## What to work on
Retype the records word for word. Skip every image.

Image-backed grounding data:
###
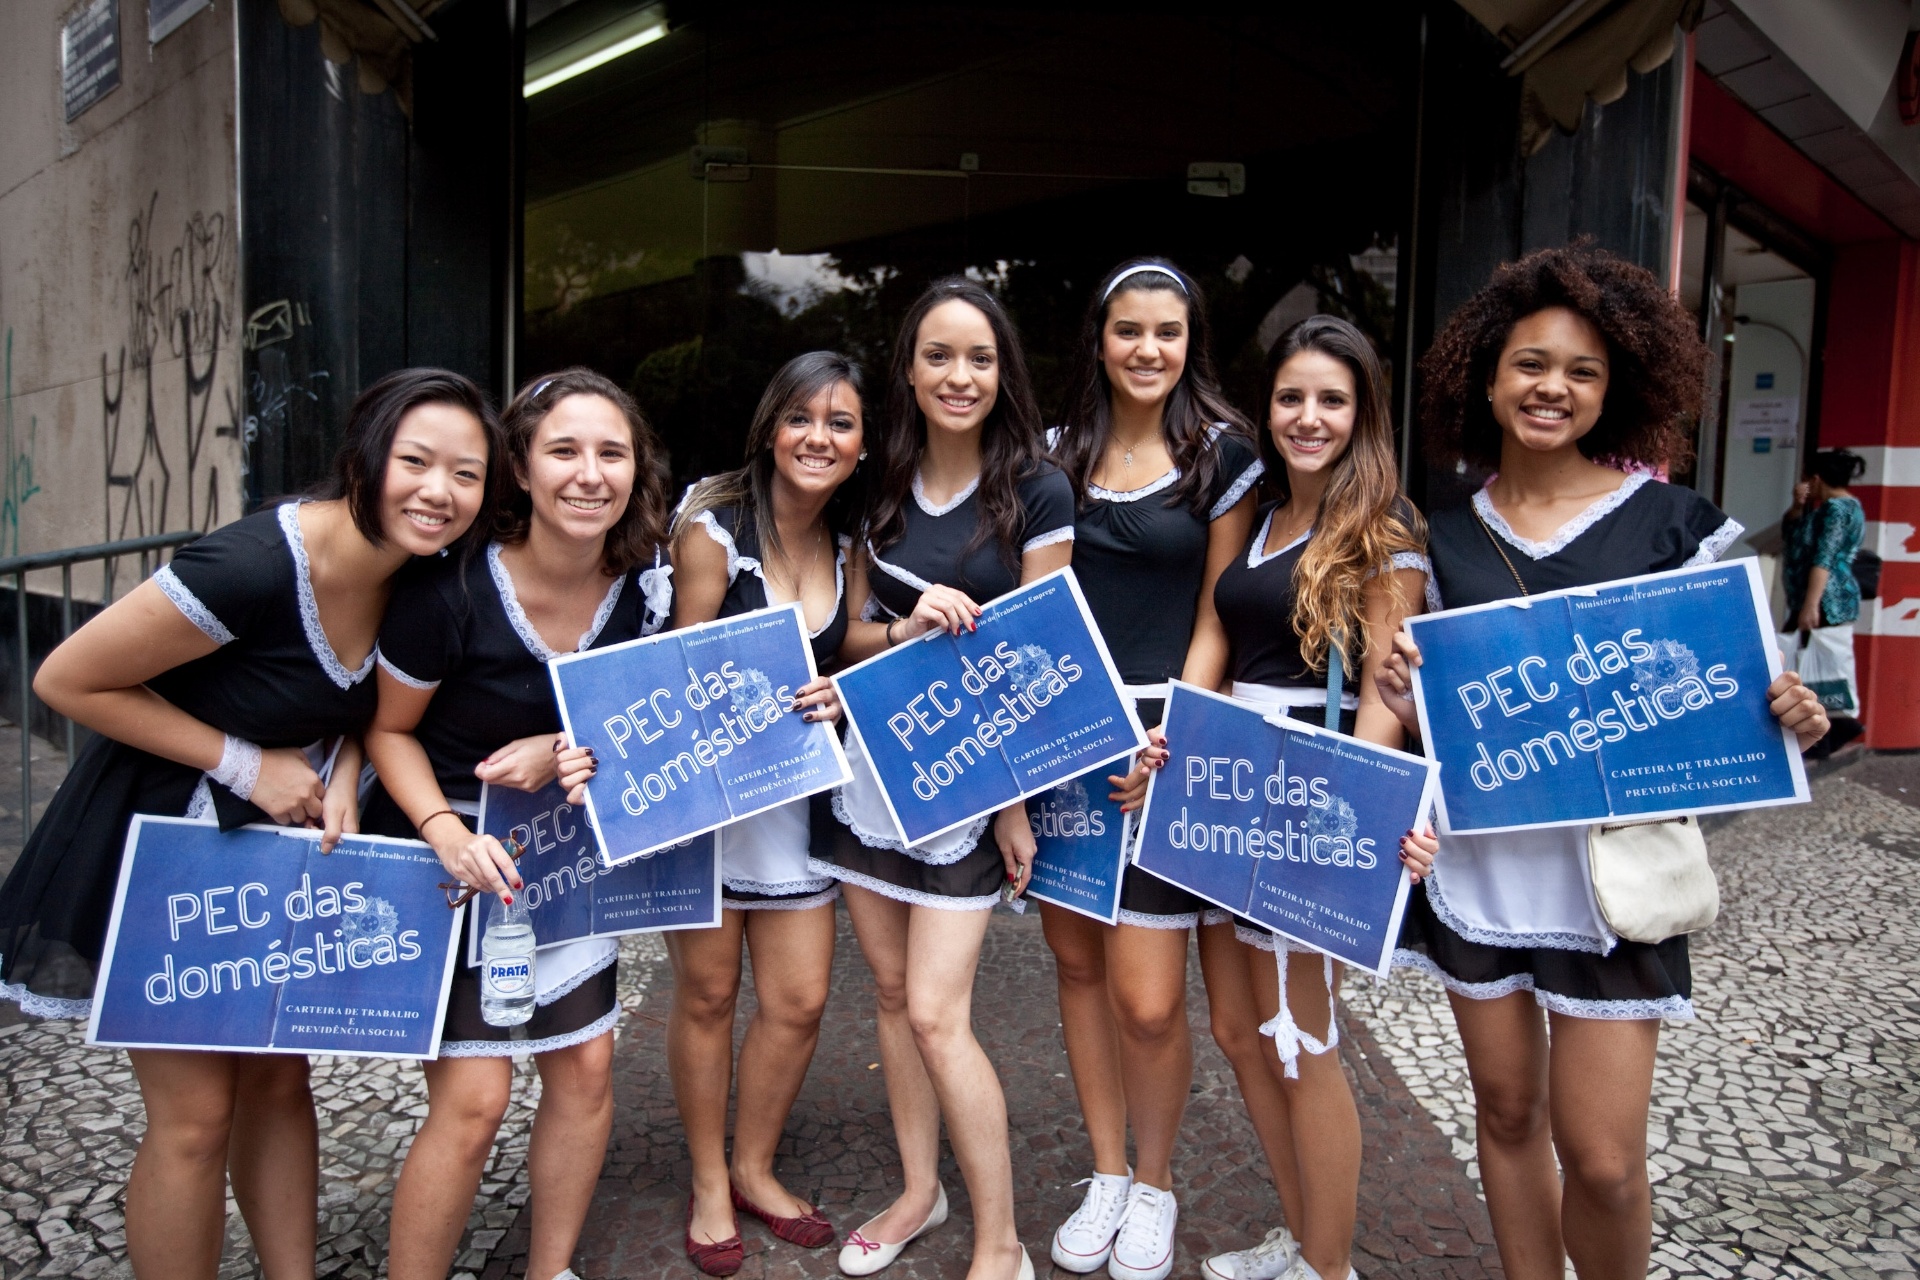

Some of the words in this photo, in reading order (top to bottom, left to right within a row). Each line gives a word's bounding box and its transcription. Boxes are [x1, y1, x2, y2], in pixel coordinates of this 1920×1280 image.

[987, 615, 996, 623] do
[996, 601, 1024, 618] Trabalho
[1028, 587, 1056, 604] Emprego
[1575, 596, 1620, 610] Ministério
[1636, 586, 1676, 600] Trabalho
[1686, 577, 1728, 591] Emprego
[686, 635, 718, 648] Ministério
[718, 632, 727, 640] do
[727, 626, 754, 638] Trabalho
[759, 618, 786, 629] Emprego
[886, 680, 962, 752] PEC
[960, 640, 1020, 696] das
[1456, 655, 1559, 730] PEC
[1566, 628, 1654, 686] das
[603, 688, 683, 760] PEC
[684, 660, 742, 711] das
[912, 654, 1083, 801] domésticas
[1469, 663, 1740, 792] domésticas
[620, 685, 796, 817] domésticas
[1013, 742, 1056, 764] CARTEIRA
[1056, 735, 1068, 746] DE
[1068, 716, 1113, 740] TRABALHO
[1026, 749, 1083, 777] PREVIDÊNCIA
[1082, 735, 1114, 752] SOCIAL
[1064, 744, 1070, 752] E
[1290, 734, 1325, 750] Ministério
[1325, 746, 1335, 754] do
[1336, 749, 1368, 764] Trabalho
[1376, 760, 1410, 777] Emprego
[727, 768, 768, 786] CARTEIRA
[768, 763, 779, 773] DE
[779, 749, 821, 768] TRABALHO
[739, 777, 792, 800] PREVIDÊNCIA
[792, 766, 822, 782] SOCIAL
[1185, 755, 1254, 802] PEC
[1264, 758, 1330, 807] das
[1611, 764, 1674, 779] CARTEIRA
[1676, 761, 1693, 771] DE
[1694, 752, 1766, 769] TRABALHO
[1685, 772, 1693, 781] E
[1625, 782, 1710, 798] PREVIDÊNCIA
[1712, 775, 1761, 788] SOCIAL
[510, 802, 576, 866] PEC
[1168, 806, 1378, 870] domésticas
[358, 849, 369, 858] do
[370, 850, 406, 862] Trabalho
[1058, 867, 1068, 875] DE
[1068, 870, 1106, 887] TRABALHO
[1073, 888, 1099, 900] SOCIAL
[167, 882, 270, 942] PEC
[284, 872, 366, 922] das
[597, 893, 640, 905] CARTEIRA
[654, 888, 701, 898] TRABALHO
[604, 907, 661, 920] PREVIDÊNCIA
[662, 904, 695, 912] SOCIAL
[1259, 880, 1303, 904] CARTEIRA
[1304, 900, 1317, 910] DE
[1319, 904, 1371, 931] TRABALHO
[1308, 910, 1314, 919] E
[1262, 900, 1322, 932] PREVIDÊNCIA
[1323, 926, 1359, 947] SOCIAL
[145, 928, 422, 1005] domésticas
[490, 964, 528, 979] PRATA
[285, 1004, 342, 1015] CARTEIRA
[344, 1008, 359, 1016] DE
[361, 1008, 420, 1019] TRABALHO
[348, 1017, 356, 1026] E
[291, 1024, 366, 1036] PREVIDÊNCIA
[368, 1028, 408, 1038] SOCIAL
###
## Reply
Some of the words in this photo, in reading order (top to bottom, left to right within a row). Each line gives a word's bounding box and its transcription. Boxes are [x1, y1, x2, y2], in pixel coordinates of this 1920×1280 image.

[987, 615, 996, 623] do
[996, 601, 1024, 618] Trabalho
[1028, 587, 1056, 604] Emprego
[1575, 596, 1620, 610] Ministério
[1636, 586, 1676, 600] Trabalho
[1686, 577, 1728, 591] Emprego
[686, 635, 718, 648] Ministério
[718, 632, 727, 640] do
[727, 626, 754, 638] Trabalho
[759, 618, 786, 629] Emprego
[886, 680, 962, 752] PEC
[960, 640, 1020, 696] das
[1456, 655, 1559, 730] PEC
[1566, 628, 1654, 686] das
[603, 688, 683, 760] PEC
[684, 660, 742, 711] das
[912, 654, 1083, 801] domésticas
[1469, 663, 1740, 792] domésticas
[620, 685, 796, 817] domésticas
[1013, 742, 1056, 764] CARTEIRA
[1056, 735, 1068, 746] DE
[1068, 716, 1113, 740] TRABALHO
[1026, 749, 1083, 777] PREVIDÊNCIA
[1082, 735, 1114, 752] SOCIAL
[1064, 744, 1070, 752] E
[1290, 734, 1325, 750] Ministério
[1325, 746, 1335, 754] do
[1336, 749, 1368, 764] Trabalho
[1376, 760, 1410, 777] Emprego
[727, 768, 768, 786] CARTEIRA
[768, 763, 779, 773] DE
[779, 749, 821, 768] TRABALHO
[739, 777, 792, 800] PREVIDÊNCIA
[792, 766, 822, 782] SOCIAL
[1185, 755, 1254, 802] PEC
[1264, 758, 1330, 807] das
[1611, 764, 1674, 779] CARTEIRA
[1676, 761, 1693, 771] DE
[1694, 752, 1766, 769] TRABALHO
[1685, 772, 1693, 781] E
[1625, 782, 1710, 798] PREVIDÊNCIA
[1712, 775, 1761, 788] SOCIAL
[510, 802, 576, 866] PEC
[1168, 806, 1378, 870] domésticas
[358, 849, 369, 858] do
[370, 850, 406, 862] Trabalho
[1058, 867, 1068, 875] DE
[1068, 870, 1106, 887] TRABALHO
[1073, 888, 1099, 900] SOCIAL
[167, 882, 270, 942] PEC
[284, 872, 366, 922] das
[597, 893, 640, 905] CARTEIRA
[654, 888, 701, 898] TRABALHO
[604, 907, 661, 920] PREVIDÊNCIA
[662, 904, 695, 912] SOCIAL
[1259, 880, 1303, 904] CARTEIRA
[1304, 900, 1317, 910] DE
[1319, 904, 1371, 931] TRABALHO
[1308, 910, 1314, 919] E
[1262, 900, 1322, 932] PREVIDÊNCIA
[1323, 926, 1359, 947] SOCIAL
[145, 928, 422, 1005] domésticas
[490, 964, 528, 979] PRATA
[285, 1004, 342, 1015] CARTEIRA
[344, 1008, 359, 1016] DE
[361, 1008, 420, 1019] TRABALHO
[348, 1017, 356, 1026] E
[291, 1024, 366, 1036] PREVIDÊNCIA
[368, 1028, 408, 1038] SOCIAL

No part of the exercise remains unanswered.